Excerpts from a dataset:
==================================================
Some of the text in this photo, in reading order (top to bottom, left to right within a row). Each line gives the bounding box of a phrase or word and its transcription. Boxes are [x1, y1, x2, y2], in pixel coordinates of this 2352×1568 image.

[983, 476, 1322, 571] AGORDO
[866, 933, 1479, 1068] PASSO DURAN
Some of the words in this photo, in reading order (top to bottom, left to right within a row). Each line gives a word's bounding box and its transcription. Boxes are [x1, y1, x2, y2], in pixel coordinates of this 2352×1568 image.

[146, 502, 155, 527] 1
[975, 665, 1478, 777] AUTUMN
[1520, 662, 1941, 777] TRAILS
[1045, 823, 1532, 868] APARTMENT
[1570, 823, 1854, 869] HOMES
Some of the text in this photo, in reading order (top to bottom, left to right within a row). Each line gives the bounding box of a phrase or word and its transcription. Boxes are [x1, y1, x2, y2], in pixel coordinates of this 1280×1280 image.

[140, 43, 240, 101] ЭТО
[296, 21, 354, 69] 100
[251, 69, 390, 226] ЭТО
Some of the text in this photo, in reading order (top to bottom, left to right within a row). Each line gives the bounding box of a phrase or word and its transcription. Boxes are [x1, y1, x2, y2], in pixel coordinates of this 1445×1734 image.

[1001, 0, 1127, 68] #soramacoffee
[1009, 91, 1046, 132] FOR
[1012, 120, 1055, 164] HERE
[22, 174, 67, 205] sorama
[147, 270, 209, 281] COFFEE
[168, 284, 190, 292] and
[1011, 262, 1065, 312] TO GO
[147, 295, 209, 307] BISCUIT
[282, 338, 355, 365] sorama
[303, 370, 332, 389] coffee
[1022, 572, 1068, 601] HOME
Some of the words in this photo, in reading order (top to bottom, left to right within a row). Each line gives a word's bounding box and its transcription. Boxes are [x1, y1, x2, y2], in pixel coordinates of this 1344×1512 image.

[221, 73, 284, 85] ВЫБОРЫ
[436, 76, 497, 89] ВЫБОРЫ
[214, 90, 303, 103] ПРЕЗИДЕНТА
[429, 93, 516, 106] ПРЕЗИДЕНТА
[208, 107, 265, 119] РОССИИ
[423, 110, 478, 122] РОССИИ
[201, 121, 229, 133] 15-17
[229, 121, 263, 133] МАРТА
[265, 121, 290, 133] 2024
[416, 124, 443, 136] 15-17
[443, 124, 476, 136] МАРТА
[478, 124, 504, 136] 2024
==================================================
The response should be an exact copy of the lines from the one with "this 1344×1512 image." through the end of the data, with no other text.

WRITTEN RESPONSE:
Some of the words in this photo, in reading order (top to bottom, left to right within a row). Each line gives a word's bounding box and its transcription. Boxes are [x1, y1, x2, y2], in pixel coordinates of this 1344×1512 image.

[221, 73, 284, 85] ВЫБОРЫ
[436, 76, 497, 89] ВЫБОРЫ
[214, 90, 303, 103] ПРЕЗИДЕНТА
[429, 93, 516, 106] ПРЕЗИДЕНТА
[208, 107, 265, 119] РОССИИ
[423, 110, 478, 122] РОССИИ
[201, 121, 229, 133] 15-17
[229, 121, 263, 133] МАРТА
[265, 121, 290, 133] 2024
[416, 124, 443, 136] 15-17
[443, 124, 476, 136] МАРТА
[478, 124, 504, 136] 2024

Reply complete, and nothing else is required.